No, you don’t know me. Tomfoolery? Are you for real?

I wrote about something that happened in my real life that I see happening online too between women. You’re just proving my point each time you reply. There’s no ‘tomfoolery’ or games, it’s just me being honest. If it bugs you that much, go somewhere else.


Posted by
caz
7 September 2005 @ 2pm

tsk tsk.. corrine. don’t you know not only is it tacky to post anonymously but even more so, using a made up name claiming you *KNOW* a person. If you know her so well, and think so poorly of her then be honest with yourself and tell her who you are.

In this case, all i have to say is (((yawn))) ‘oh dear.. someone on the INTERNET doesn’t like me.’

now– I will continue to point out your stupidity. Isn’t your comment almost EXACTLY what paige was referring to in her blog? What’s the matter, some rating community turned you down after you spent hours getting your butter face at that perfect angle so the contrast & light could hide the ugly? Someone on myspace didn’t ‘add you back?’

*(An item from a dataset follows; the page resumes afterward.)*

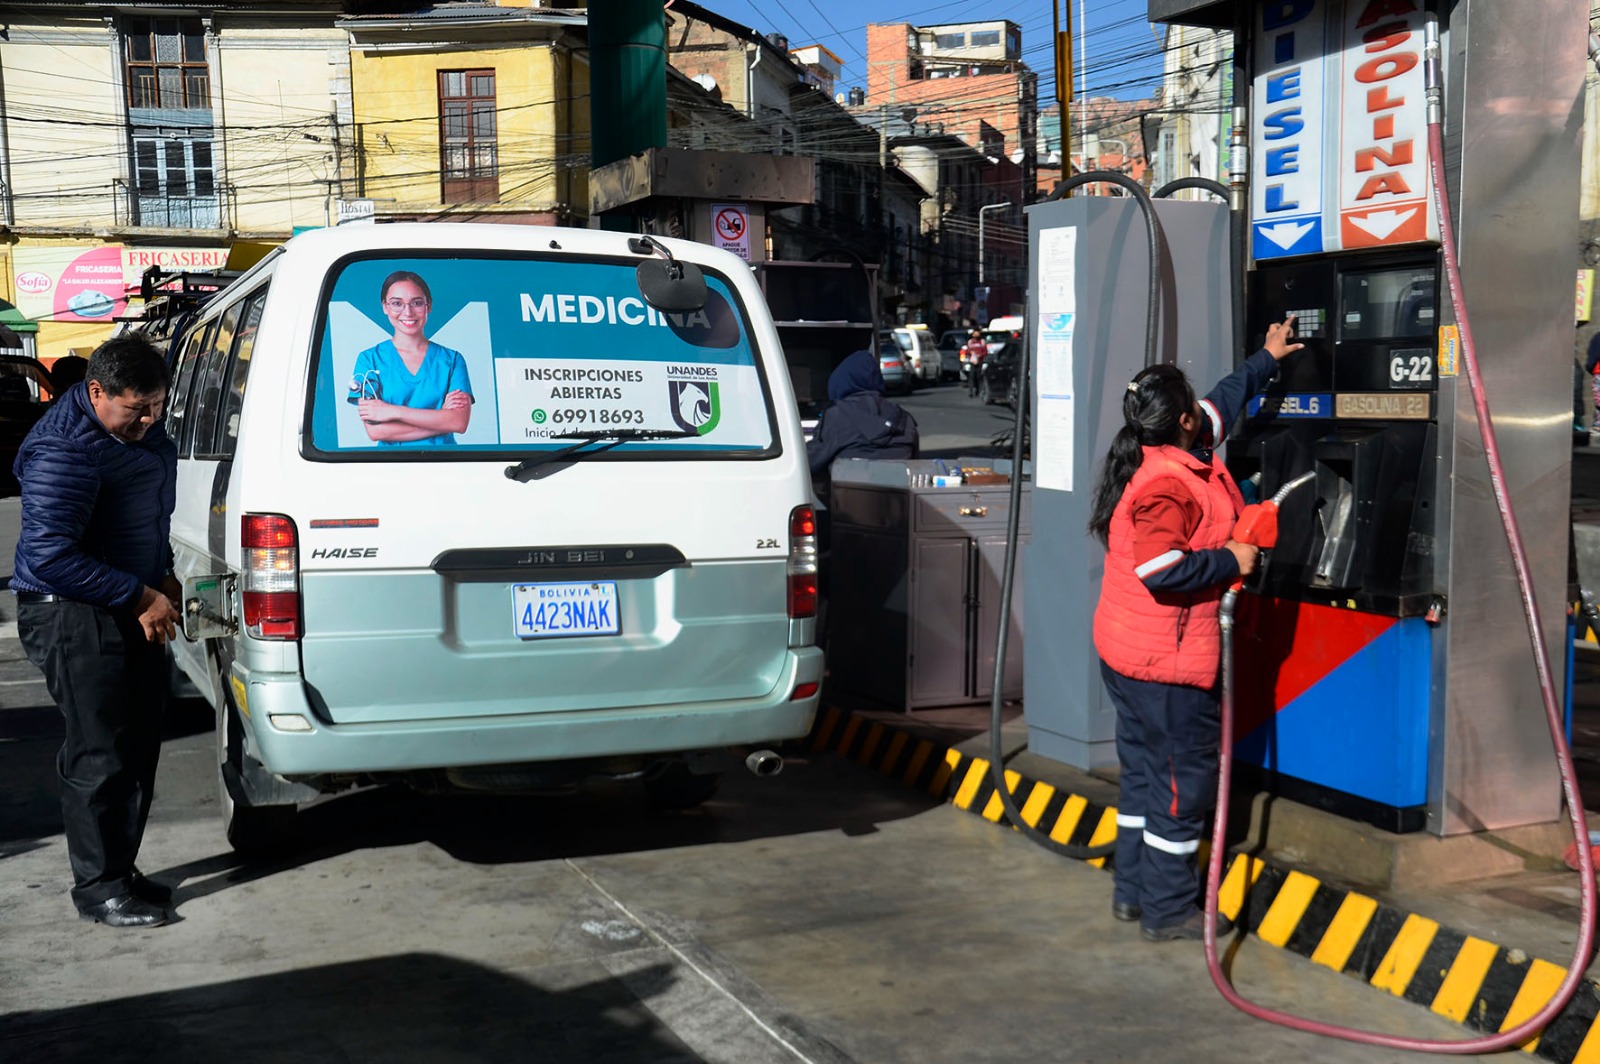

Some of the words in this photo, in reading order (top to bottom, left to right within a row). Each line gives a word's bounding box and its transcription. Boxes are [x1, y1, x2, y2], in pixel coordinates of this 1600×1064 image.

Funny thing is I KNOW paige in real life (so does shonee) so I think how we feel about her outweighs her feelings for a piece on internet trash such as yourself. Why waste minutes of your precious life replying TWICE to someone you claim you can’t ’stand?’

I smell a stalker…

and just to let you know, i saw 4 homeless people (2 couples each) fucking on my way to work. I even took pictures, if you want to see.

ciao.


Posted by
Corrine
7 September 2005 @ 6pm

If Corrine sounds anonymous to you, then that is your problem. Do you have a learning disability? Do you have what it takes to analyze simple letters arranged to form first names?

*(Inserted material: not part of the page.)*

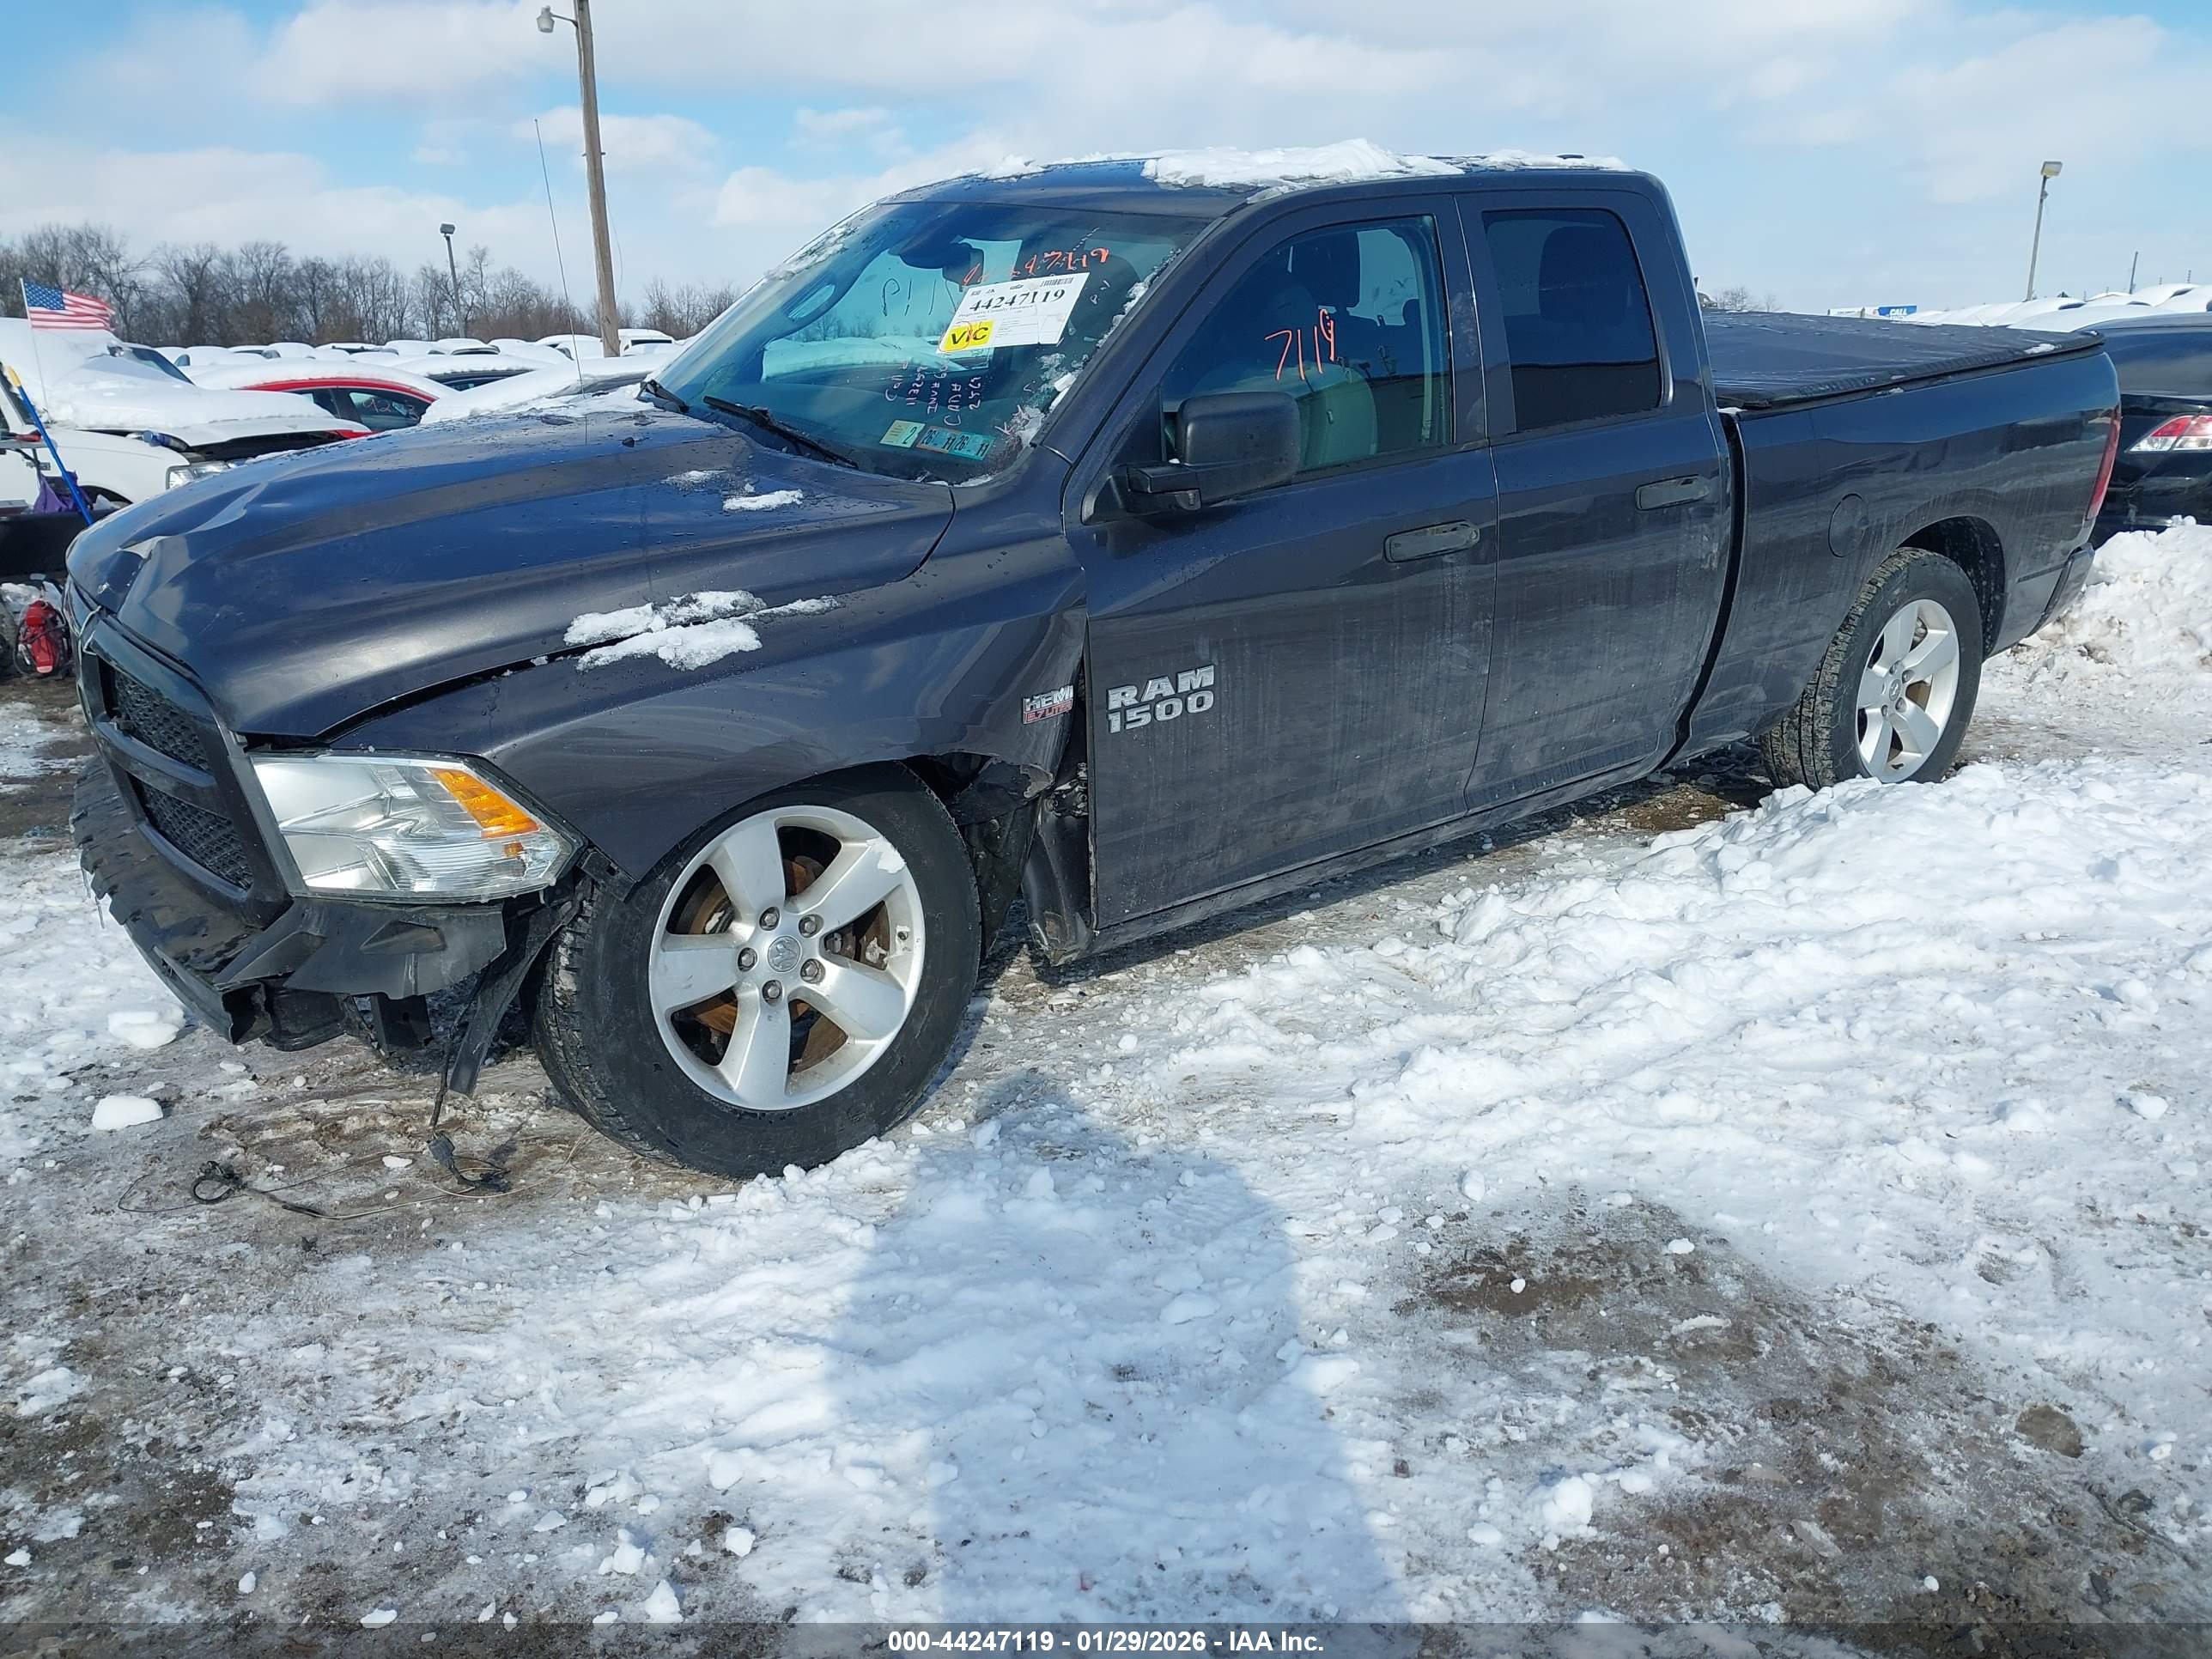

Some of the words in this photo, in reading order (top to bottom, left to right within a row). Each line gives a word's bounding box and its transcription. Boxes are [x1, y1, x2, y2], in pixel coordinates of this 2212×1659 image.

Do you use fake names? Is that why you assume everyone else is devious like you?

Oh, yawn… when or where did I say I dislike Paige? Am I mistaken or did she not state: “if you have an issue with me, do me a favor and just fucking say so instead of talking to me like I’m a fucking child” in her post?

I treated her with respect. Just because I didn’t heap praise on her don’t mean I ain’t got the luv, hon. I think you must have an inferiority complex.

Speaking of issues, I do have one. Please lose the Ads by Google and Amazon. It’s tacky. What’s the problem? Can’t afford to pay your hosting? LOL.


Posted by
Kristen A+
7 September 2005 @ 8pm

Hmmm.

I can’t make the word “cuntard” when I rearrange the letters of “corrine.”

I think Corrine botched her game. Unless her name is Erin Roc.